(Collected data)
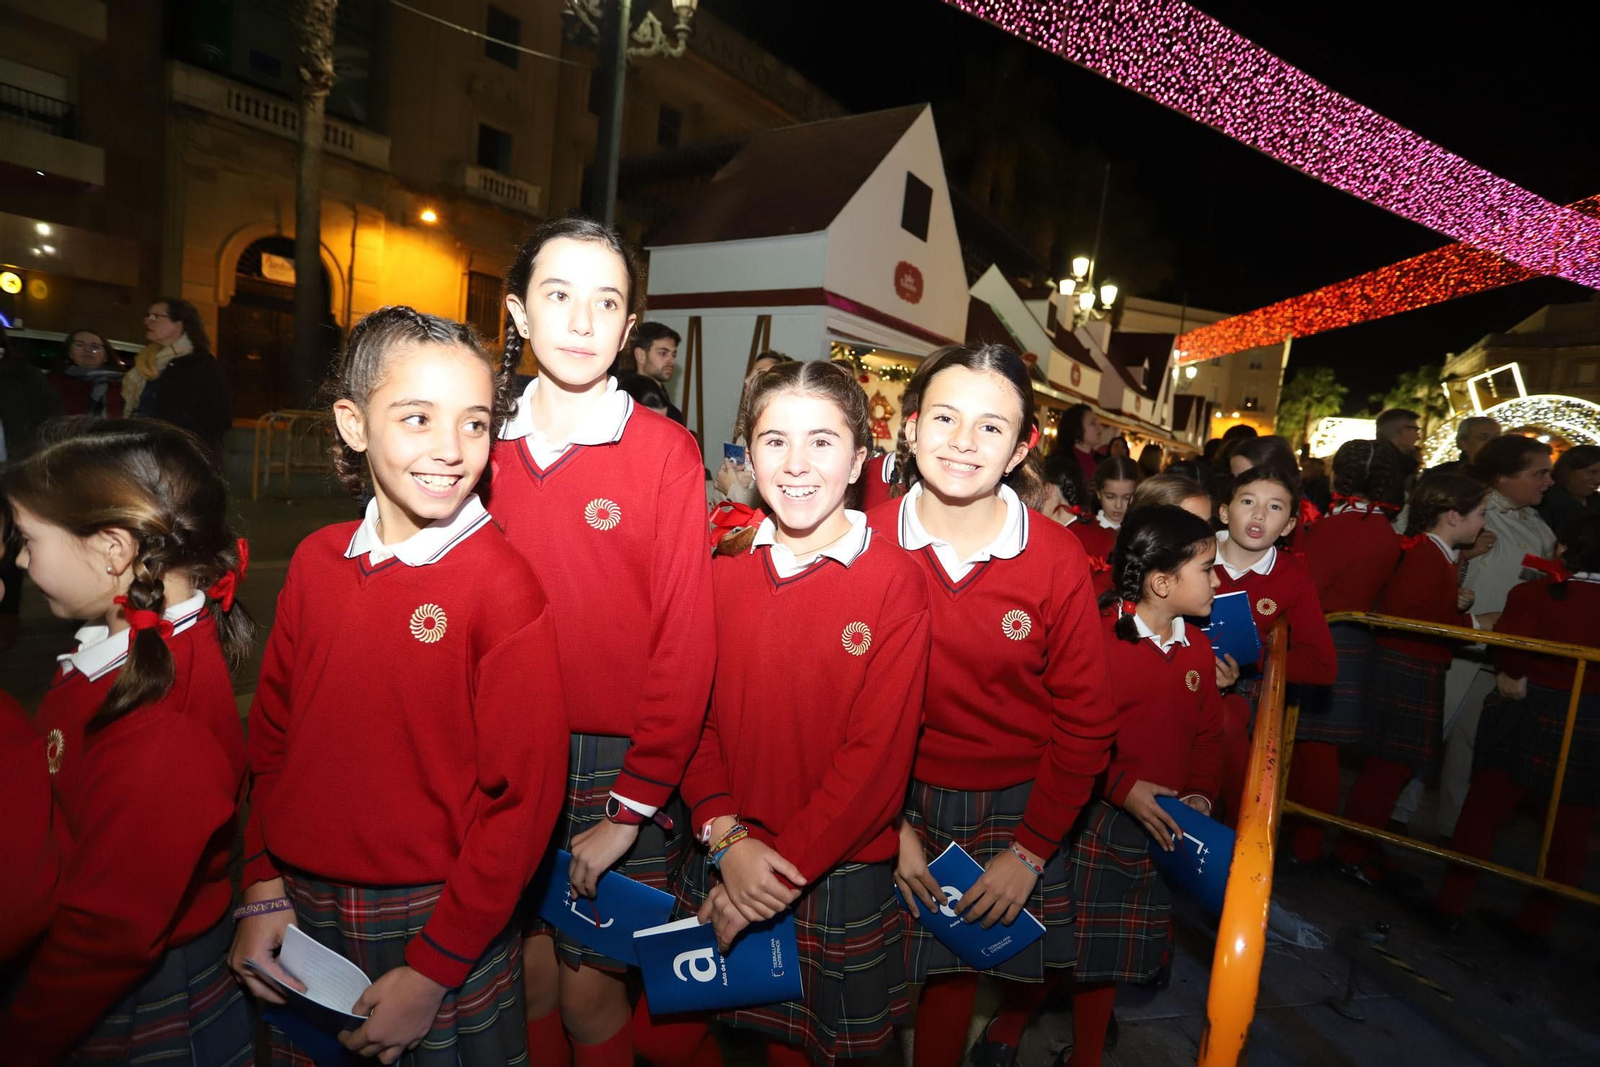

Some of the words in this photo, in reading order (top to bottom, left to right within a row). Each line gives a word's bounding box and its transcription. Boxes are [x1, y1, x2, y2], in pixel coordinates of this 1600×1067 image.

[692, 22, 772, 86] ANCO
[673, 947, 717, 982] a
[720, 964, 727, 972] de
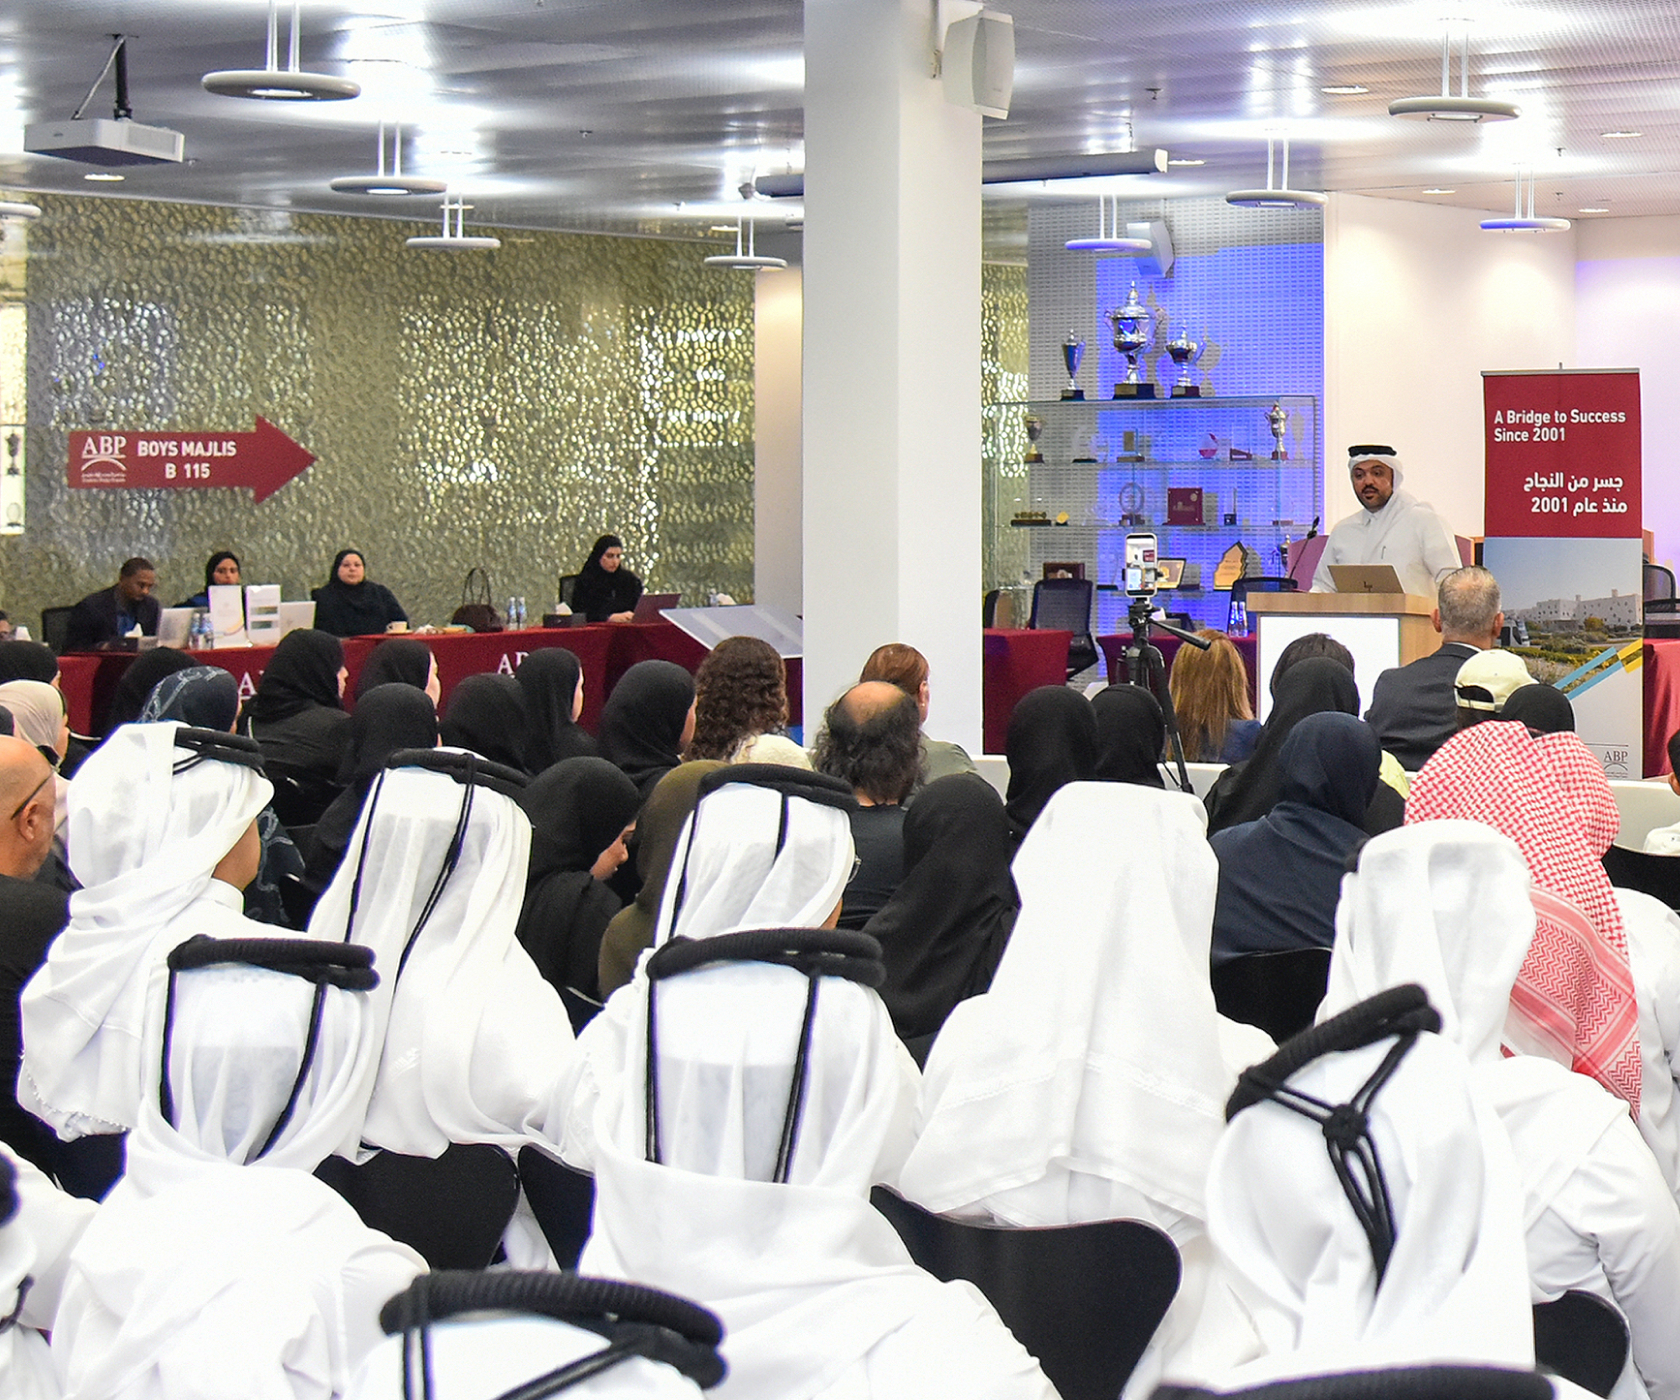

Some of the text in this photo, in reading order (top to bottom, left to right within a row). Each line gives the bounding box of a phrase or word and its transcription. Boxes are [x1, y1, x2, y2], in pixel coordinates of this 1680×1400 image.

-- About this exercise --
Return every entry exactly, dropping the pictures.

-- Completed exercise --
Some of the words in this photo, in reading order (top to bottom, left to right within a row). Each line gives a word's bounding box and its transcription. Boxes are [x1, y1, x2, y2], in pixel coordinates of this 1600×1067 image.

[692, 22, 772, 86] ANCO
[673, 947, 717, 982] a
[720, 964, 727, 972] de

Some of the text in this photo, in reading order (top to bottom, left to right within a row). Each line gives the bounding box of a phrase or word and its transcription. Boxes are [x1, y1, x2, y2], in pixel coordinates of this 1680×1400 image.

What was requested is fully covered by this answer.